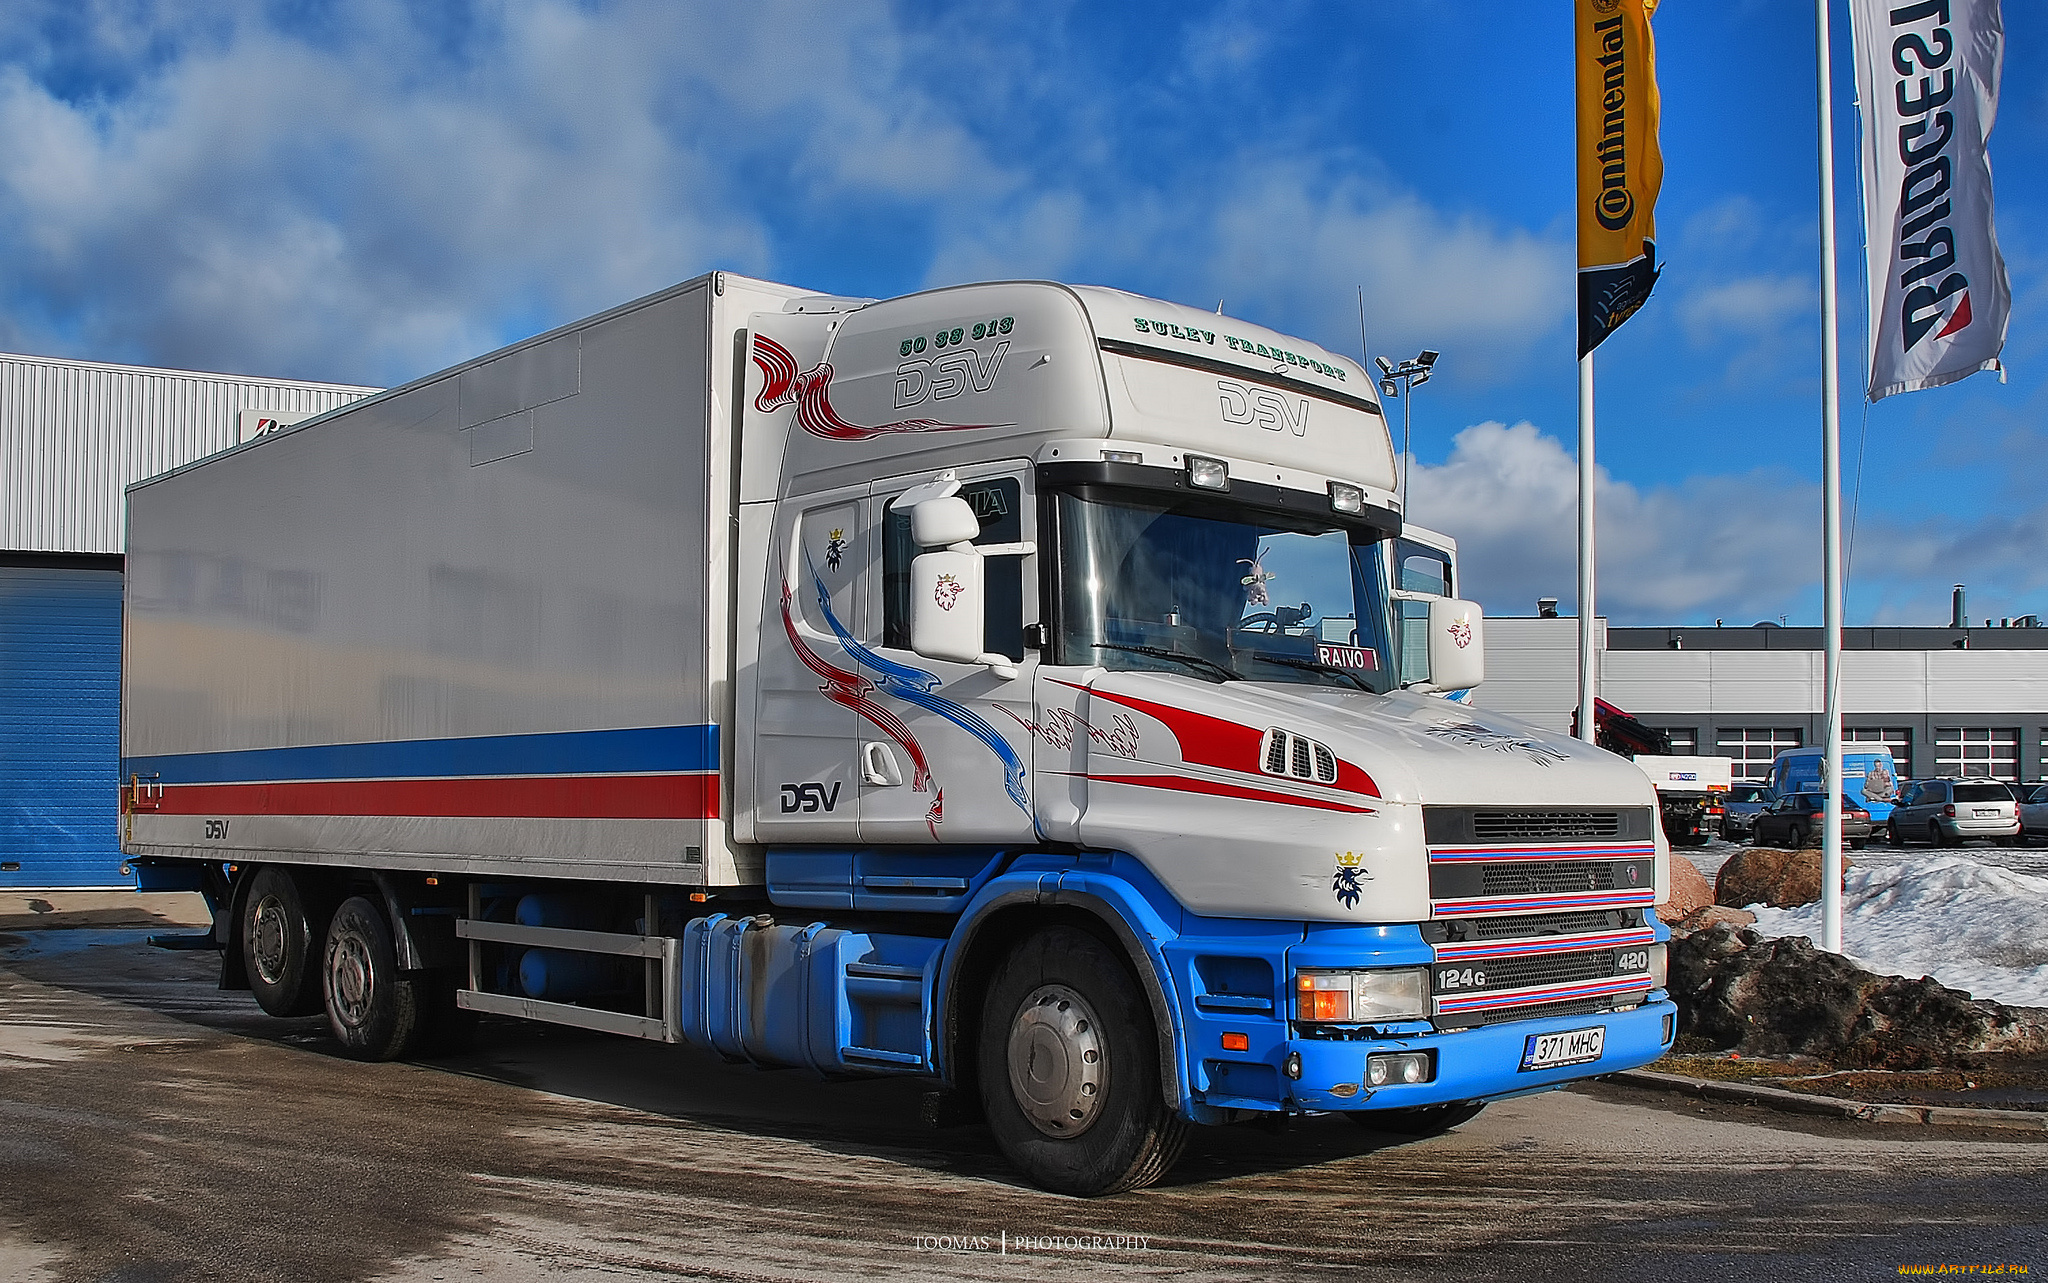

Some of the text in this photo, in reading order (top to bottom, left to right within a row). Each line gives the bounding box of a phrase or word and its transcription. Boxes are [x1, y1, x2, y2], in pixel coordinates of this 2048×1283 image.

[1594, 14, 1635, 232] Continental
[899, 316, 1015, 357] 50 38 913
[1134, 317, 1347, 382] SULEV TRANSPORT
[893, 340, 1011, 410] DSV
[1217, 380, 1309, 437] DSV
[1319, 647, 1365, 669] RAIVO
[780, 781, 842, 814] DSV
[205, 820, 230, 839] DSV
[1618, 951, 1648, 970] 420
[1438, 968, 1486, 989] 124G
[1538, 1031, 1600, 1060] 371 MHC
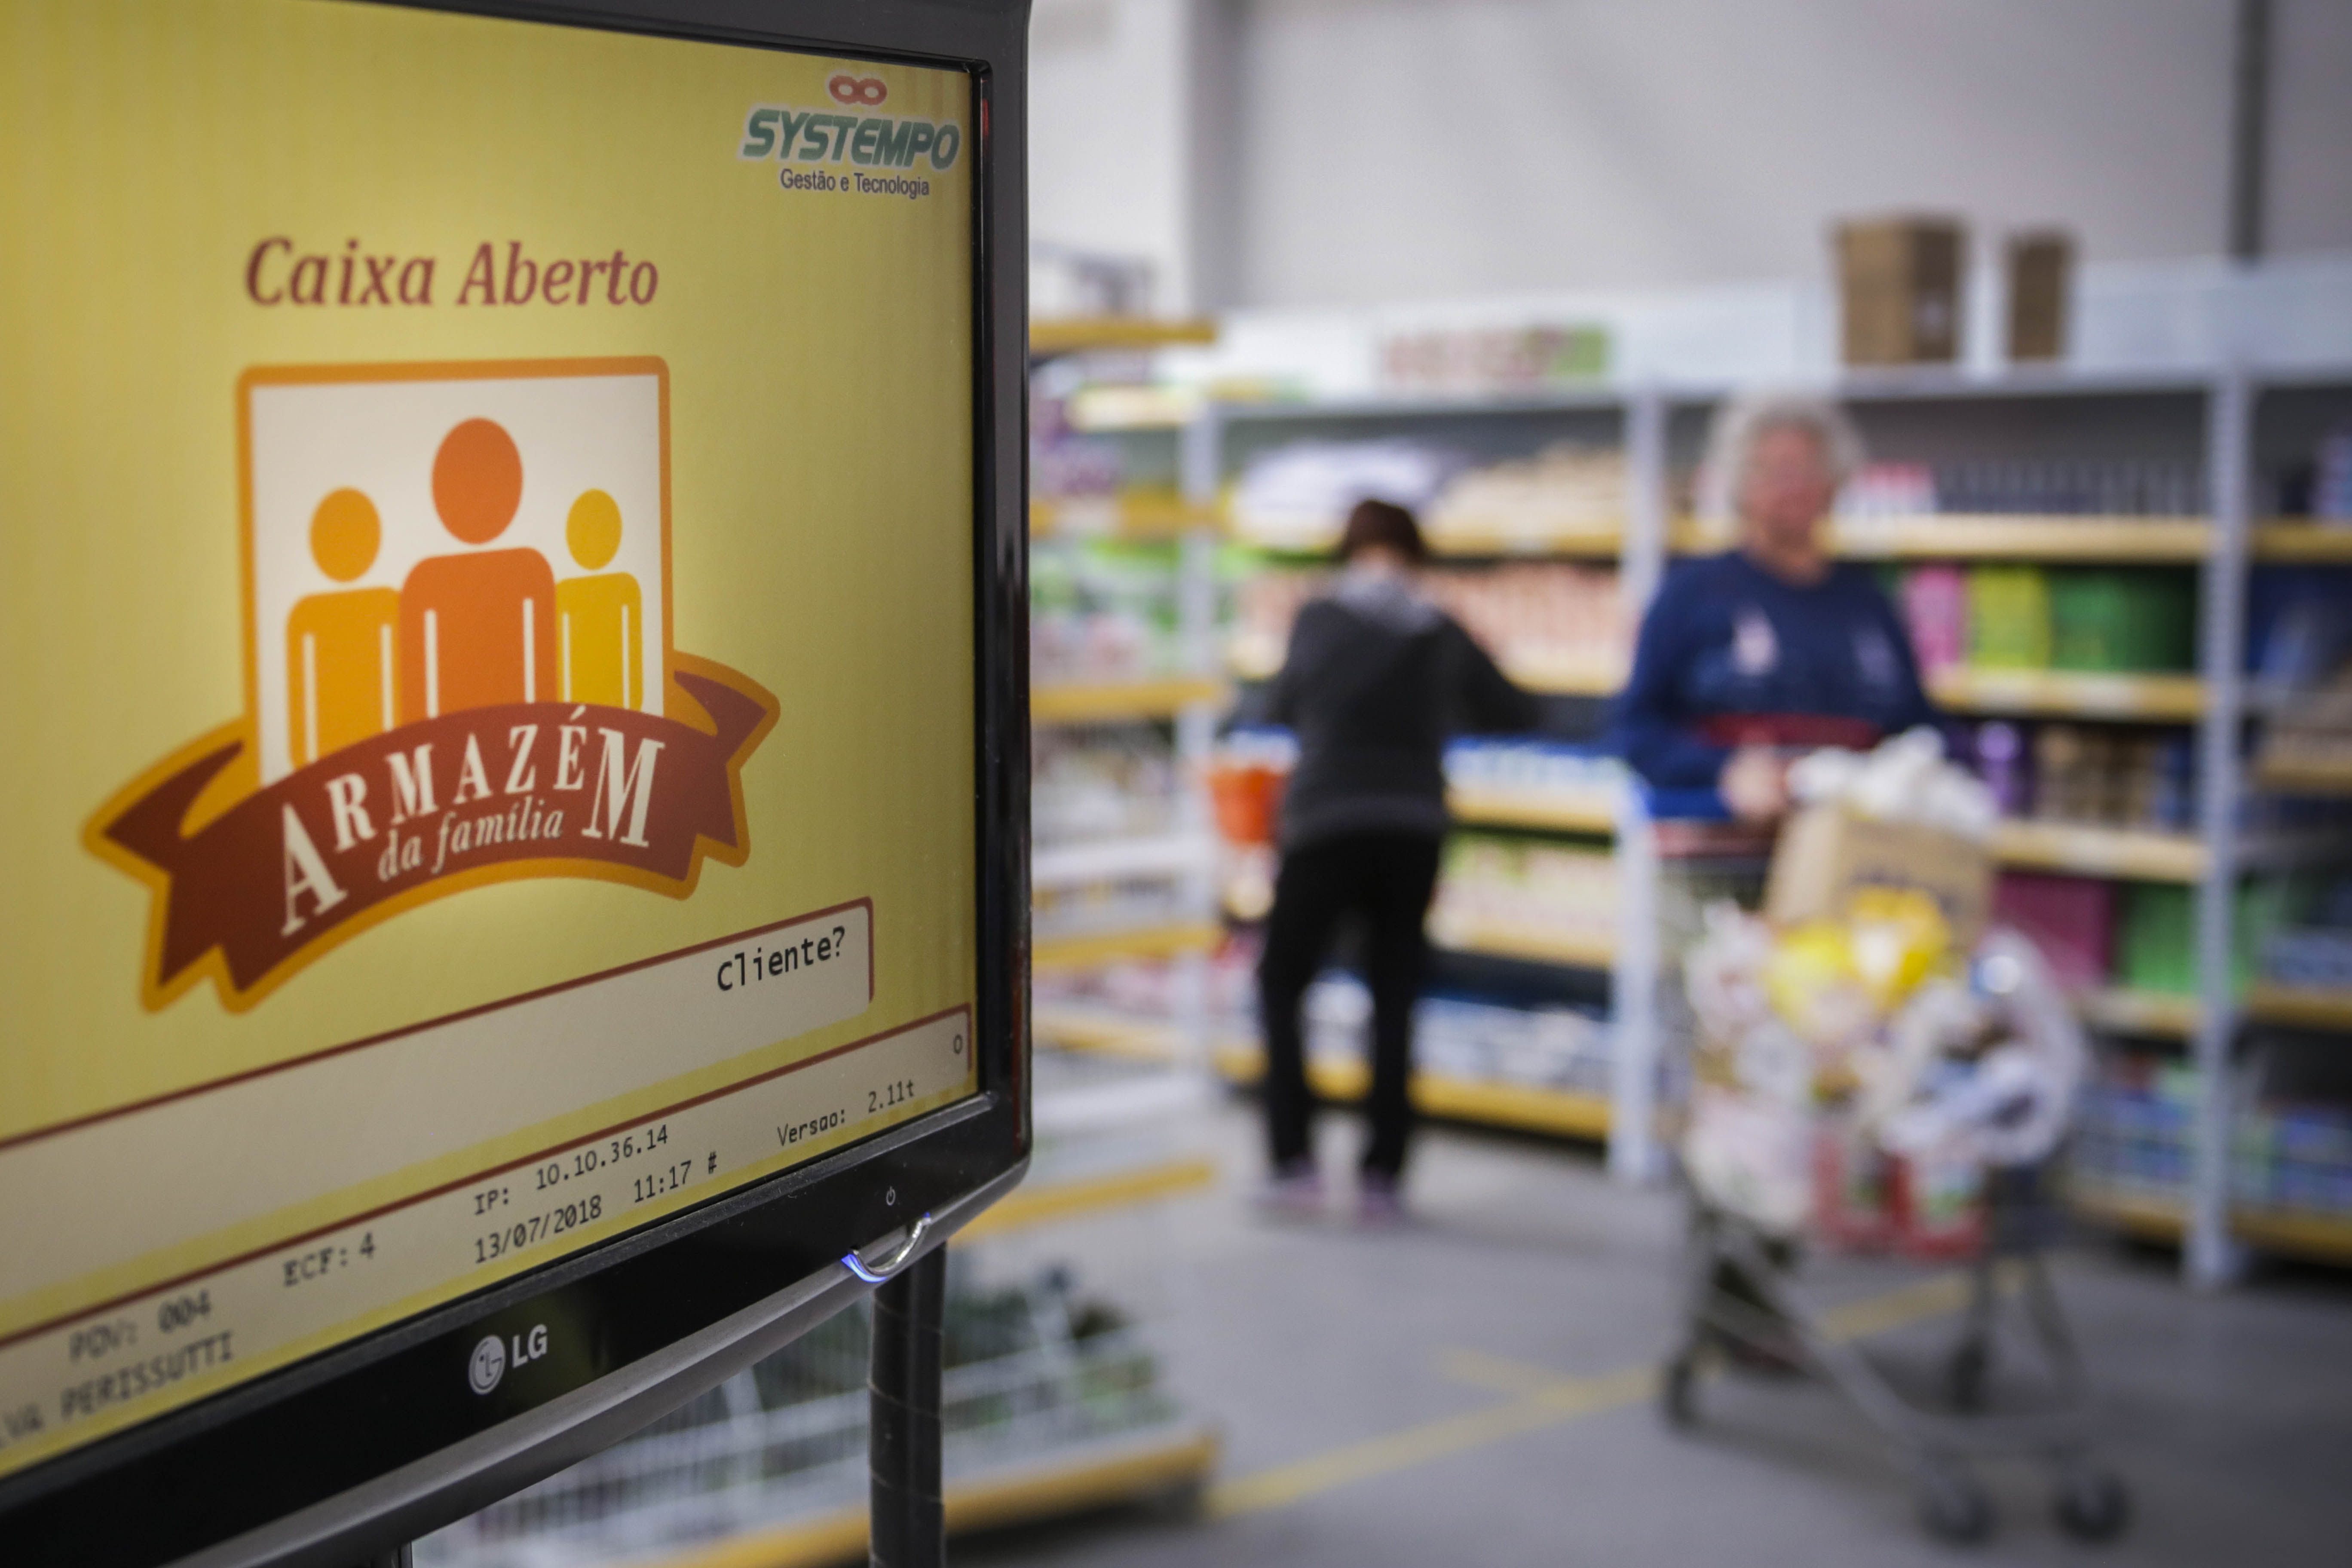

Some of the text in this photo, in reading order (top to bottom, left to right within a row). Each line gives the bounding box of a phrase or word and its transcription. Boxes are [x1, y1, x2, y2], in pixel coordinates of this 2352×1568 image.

[743, 108, 959, 170] SYSTEMPO
[780, 168, 930, 199] Gestão e Tecnologia
[245, 236, 659, 306] Caixa Aberto
[280, 704, 665, 937] ARMAZÉM
[377, 796, 564, 883] da família
[717, 925, 845, 991] Cliente?
[777, 1079, 914, 1147] Versao: 2.11t
[475, 1124, 668, 1215] IP: 10.10.36.14
[360, 1231, 376, 1259] 4
[475, 1194, 601, 1264] 13/07/2018
[634, 1160, 692, 1203] 11:17
[60, 1329, 233, 1419] PERISSUTTI
[512, 1323, 548, 1369] LG

= = =

__Work request__
Repeat every record precisely. Any picture among them stays out of the copy.

__Your response__
Some of the text in this photo, in reading order (top to bottom, left to right within a row). Each line gives the bounding box of a phrase or word and its transcription. Boxes are [x1, y1, x2, y2], in pixel coordinates of this 2048×1283 image.

[1594, 14, 1635, 232] Continental
[899, 316, 1015, 357] 50 38 913
[1134, 317, 1347, 382] SULEV TRANSPORT
[893, 340, 1011, 410] DSV
[1217, 380, 1309, 437] DSV
[1319, 647, 1365, 669] RAIVO
[780, 781, 842, 814] DSV
[205, 820, 230, 839] DSV
[1618, 951, 1648, 970] 420
[1438, 968, 1486, 989] 124G
[1538, 1031, 1600, 1060] 371 MHC

Some of the text in this photo, in reading order (top to bottom, left to right within a row). Each line gives the bounding box of a phrase or word and its transcription. Boxes are [x1, y1, x2, y2], in pixel coordinates of this 2352×1568 image.

[743, 108, 959, 170] SYSTEMPO
[780, 168, 930, 199] Gestão e Tecnologia
[245, 236, 659, 306] Caixa Aberto
[280, 704, 665, 937] ARMAZÉM
[377, 796, 564, 883] da família
[717, 925, 845, 991] Cliente?
[777, 1079, 914, 1147] Versao: 2.11t
[475, 1124, 668, 1215] IP: 10.10.36.14
[360, 1231, 376, 1259] 4
[475, 1194, 601, 1264] 13/07/2018
[634, 1160, 692, 1203] 11:17
[60, 1329, 233, 1419] PERISSUTTI
[512, 1323, 548, 1369] LG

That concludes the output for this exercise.